Check Point Research uncovered an extensive malvertising campaign that has ties to legitimate online advertising companies.
Check Point's report, "A Malvertising Campaign of Secrets and Lies," detailed how a threat actor group used more than 10,000 compromised WordPress sites and multiple exploit kits to spread a variety of malware, including ransomware and banking Trojans. The group, which Check Point referred to as Master134, was responsible for a "well-planned" Malvertising campaign that involved several online advertisement publishers, resellers and networks, including a company known as Adsterra, which Check Point claimed was "powering the whole process."
The technical aspects the Master134 campaign aren't novel, according to Check Point. The threat actors used unpatched WordPress sites that were vulnerable to remote code execution attacks and then redirected traffic from those sites to pages run by ad networks, which in turn redirected users to a malicious domain that downloads malware to users' systems.
Check Point researchers took a closer look at how traffic was directed to the malicious domains and found "an alarming partnership between a threat actor disguised as a publisher and several legitimate resellers." According to the report, Master134 sells its traffic, or ad space, to the Adsterra network, which then sells it to advertising resellers, such as ExoClick, AdKernel, EvoLeads and AdventureFeeds.
The reseller then sells the Master134 traffic to their clients. But Check Point said its researchers discovered an odd pattern with the sales. "All the clients who bid on the traffic directed via AdsTerra, from Master134, happen to be threat actors, and among them some of the exploit kit land's biggest players," the report claimed.
Check Point Research speculated that threat actors operating these malicious domains and exploit kits pay Master134 for traffic, or "victims," which are supplied to them via a seemingly legitimate channel of ad networks. While the vendor didn't accuse Adsterra or the resellers of knowingly participating in the malvertising campaign, the report did say the ad networks would need to "turn a blind eye" for this scheme to be successful.
"[A]lthough we would like to believe that the resellers that purchase Master134's ad space from AdsTerra are acting in good faith, unaware of Master134's malicious intentions, an examination of the purchases from AdsTerra showed that somehow, space offered by Master134 always ended up in the hands of cyber criminals, and thus enables the infection chain to be completed," the report stated.
We contacted Adsterra, ExoClick, EvoLeads, AdventureFeeds and AdKernel for comment on the Check Point report.
AdKernel denied any involvement with the Master134 group or related threat actors. Judy Shapiro, chief strategy adviser, emailed a statement to SearchSecurity claiming the Check Point report is false and that AdKernel is an ad-serving technology provider, not an ad network or reseller. Shapiro also wrote that AdKernel did not own the malicious domains cited in the Check Point report, and that those domains were "owned by ad network clients of AdKernel." The company, however, did not say who those clients were.
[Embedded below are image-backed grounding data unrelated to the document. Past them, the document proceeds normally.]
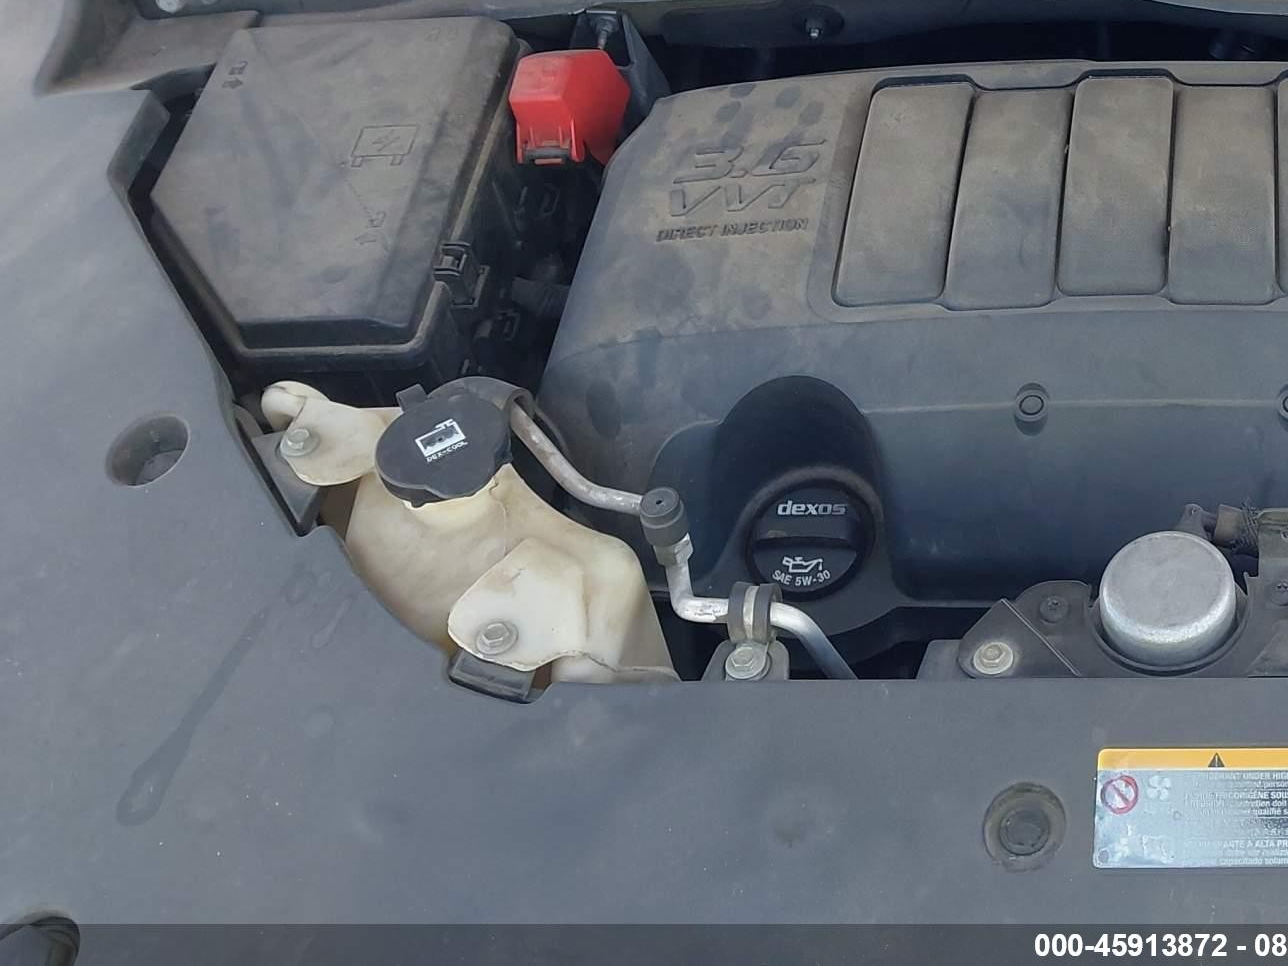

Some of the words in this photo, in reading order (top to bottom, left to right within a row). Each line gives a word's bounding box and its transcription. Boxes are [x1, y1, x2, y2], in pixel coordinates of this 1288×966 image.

[673, 139, 827, 185] 3.6
[656, 224, 718, 243] DIRECT
[720, 217, 810, 237] INJECTION
[426, 441, 469, 463] DEX-COOL
[777, 500, 846, 515] dexos
[771, 569, 793, 586] SAE
[794, 570, 831, 587] 5W-30
[1243, 772, 1271, 780] UNDER
[1272, 799, 1288, 808] doit
[1255, 839, 1275, 849] ALTA
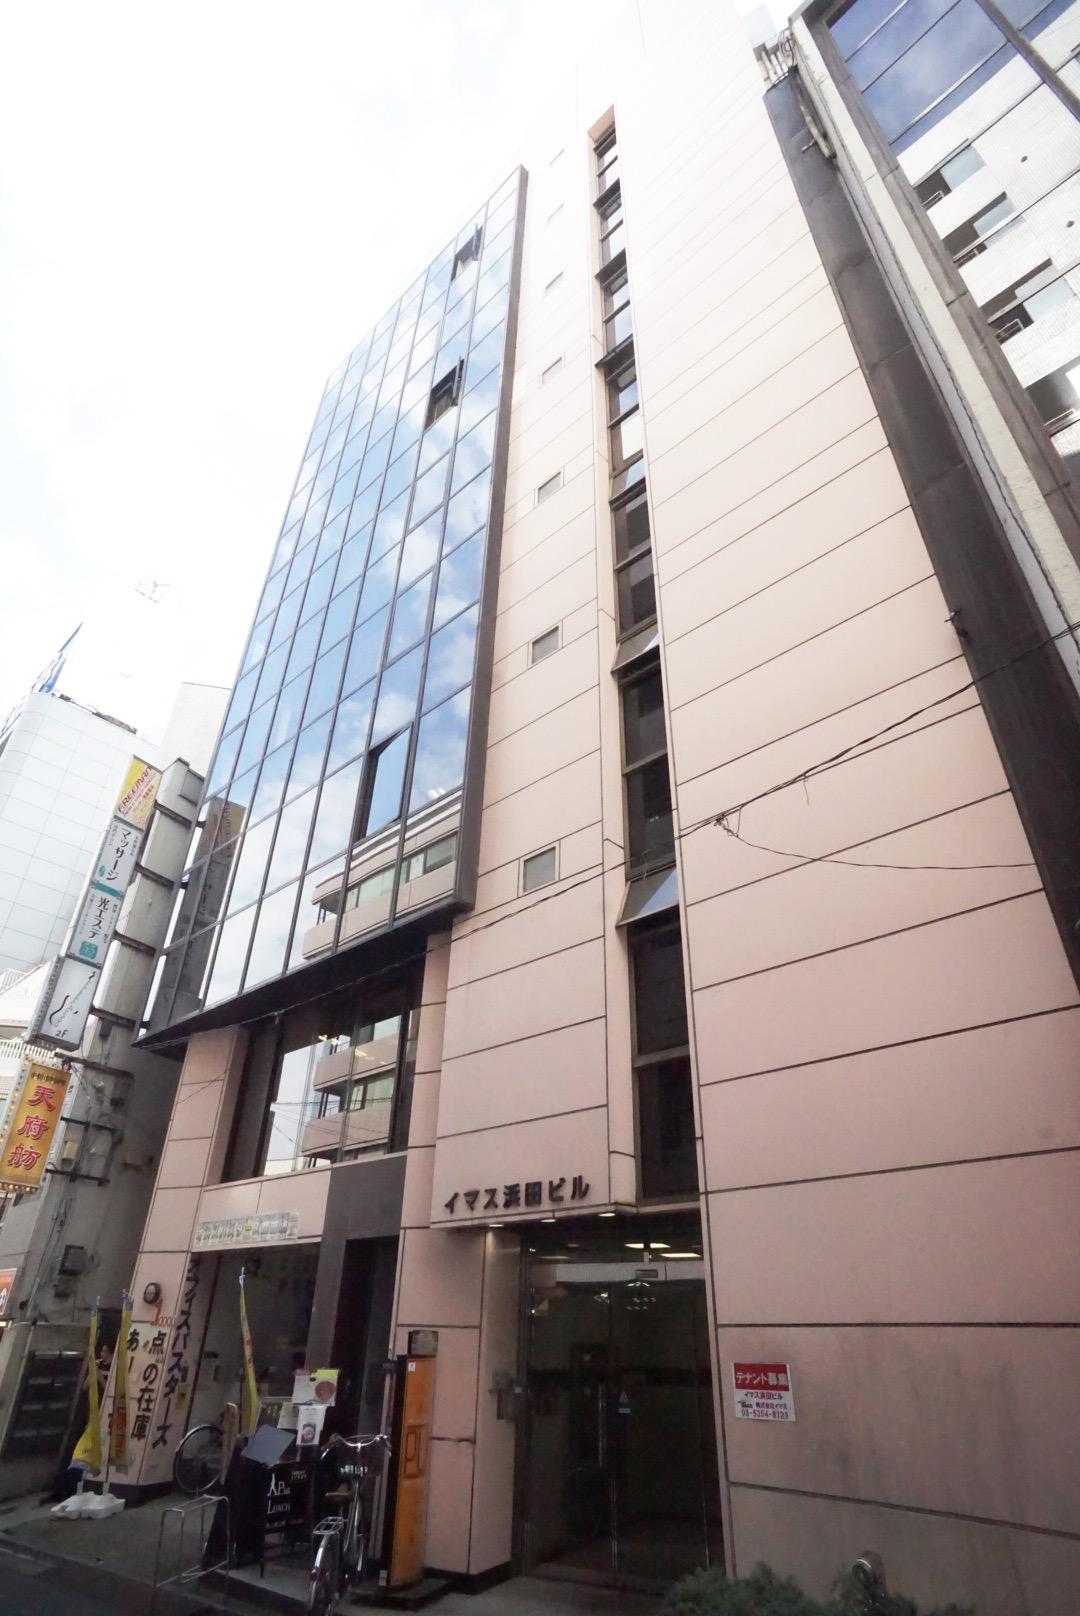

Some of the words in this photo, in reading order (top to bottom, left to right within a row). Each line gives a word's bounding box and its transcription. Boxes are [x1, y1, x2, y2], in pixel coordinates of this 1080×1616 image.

[105, 828, 132, 881] マッサージ
[7, 1085, 57, 1171] 天府舫
[131, 1330, 167, 1442] 点の在庫
[736, 1372, 789, 1386] テナント募集
The other four companies had not responded at press time.
The Check Point Research report had strong words for the online advertising industry and its inability or unwillingness to prevent such malvertising campaigns from taking advantage of their networks.
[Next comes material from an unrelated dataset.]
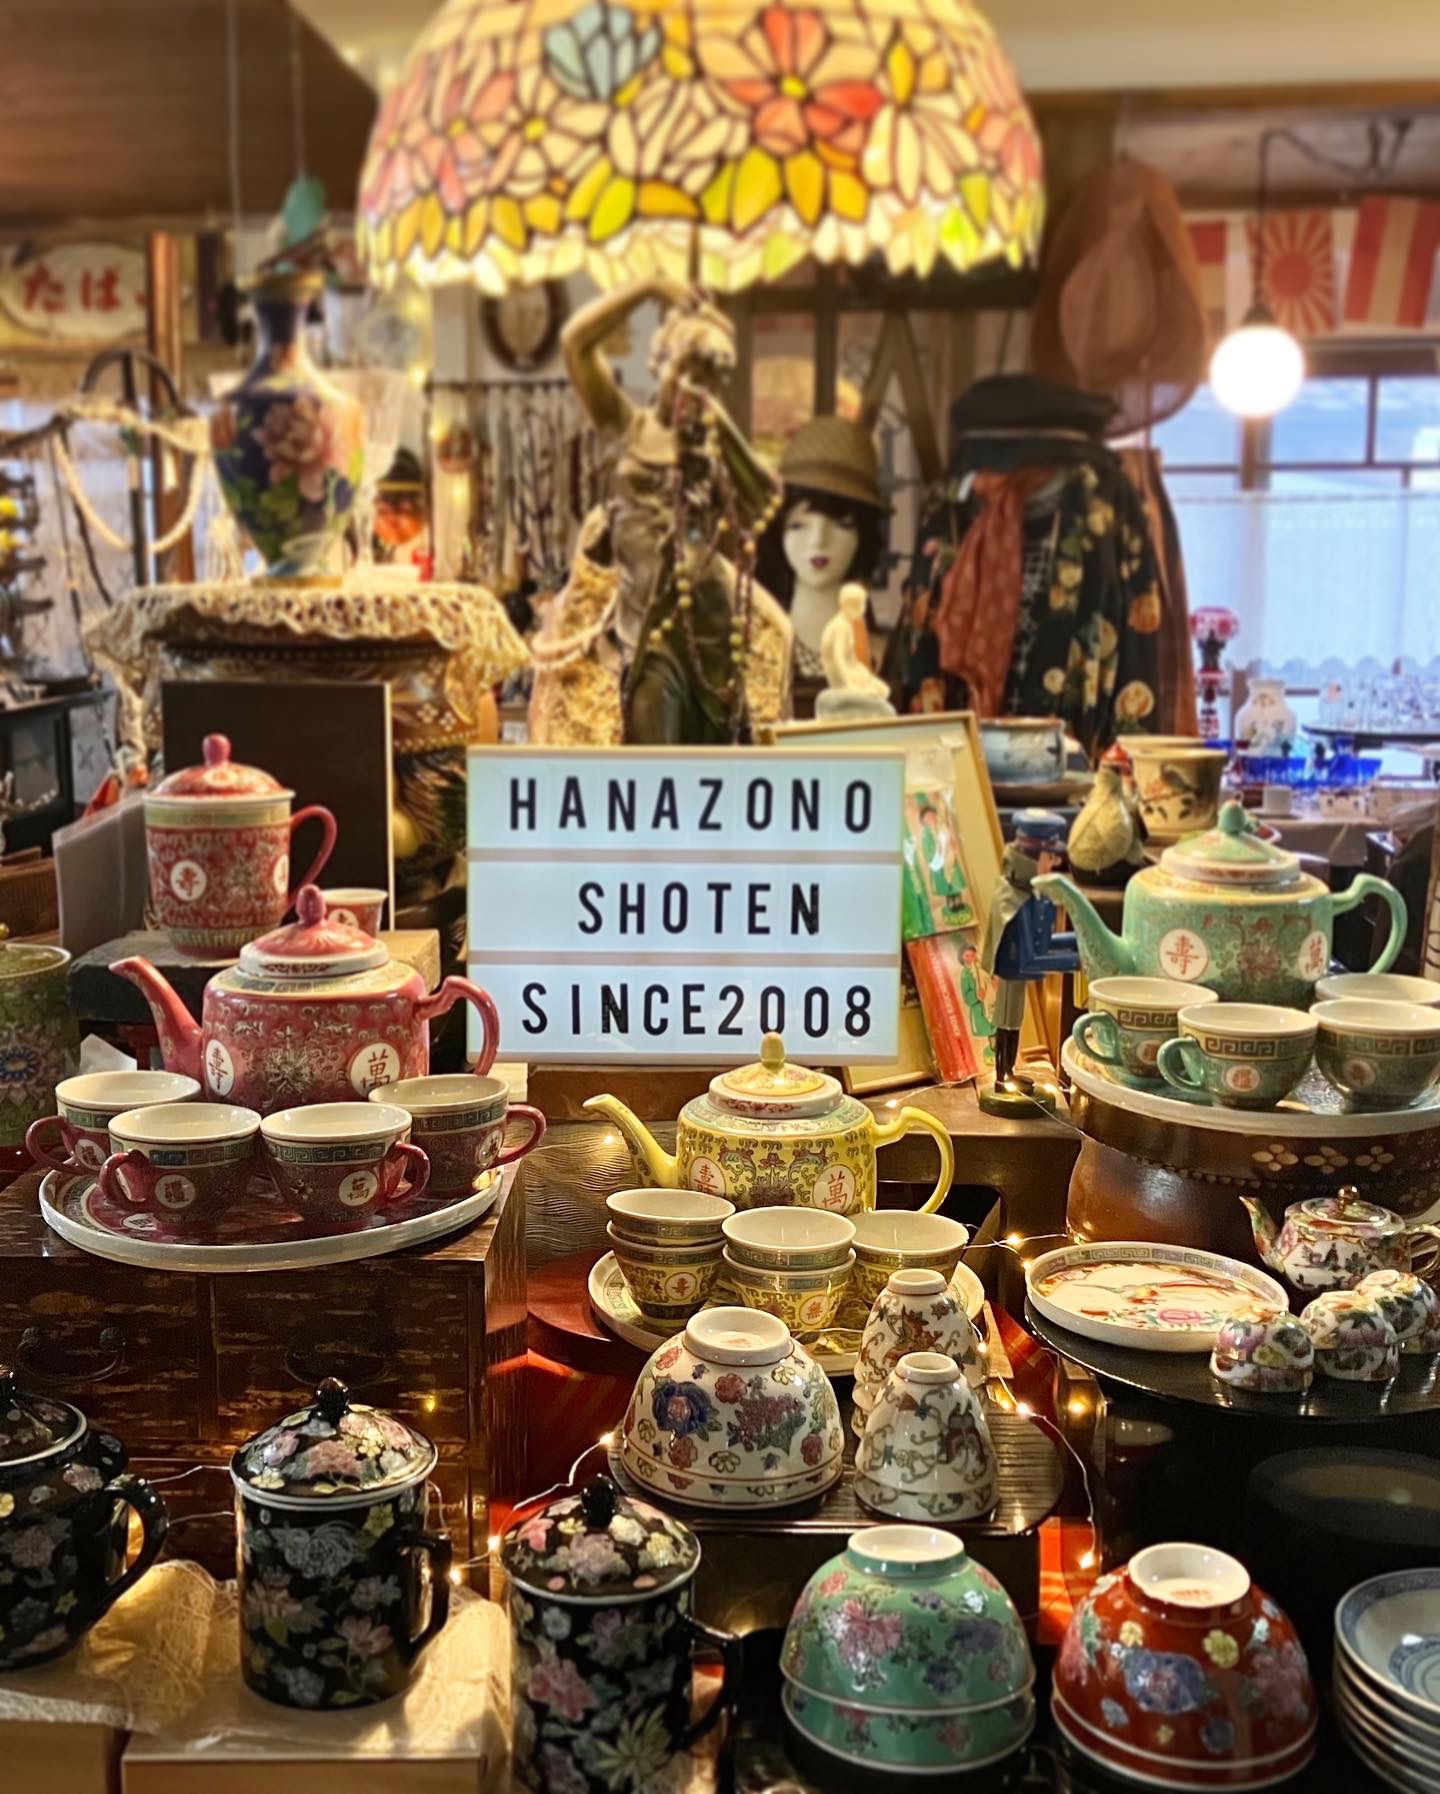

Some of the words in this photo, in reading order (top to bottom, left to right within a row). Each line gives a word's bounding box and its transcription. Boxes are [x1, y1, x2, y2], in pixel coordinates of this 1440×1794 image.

"[W]hen legitimate online advertising companies are found at the heart of a scheme, connecting threat actors and enabling the distribution of malicious content worldwide, we can't help but wonder -- is the online advertising industry responsible for the public's safety?" the report asked. "Indeed, how can we be certain that the advertisement we encounter while visiting legitimate websites are not meant to harm us?"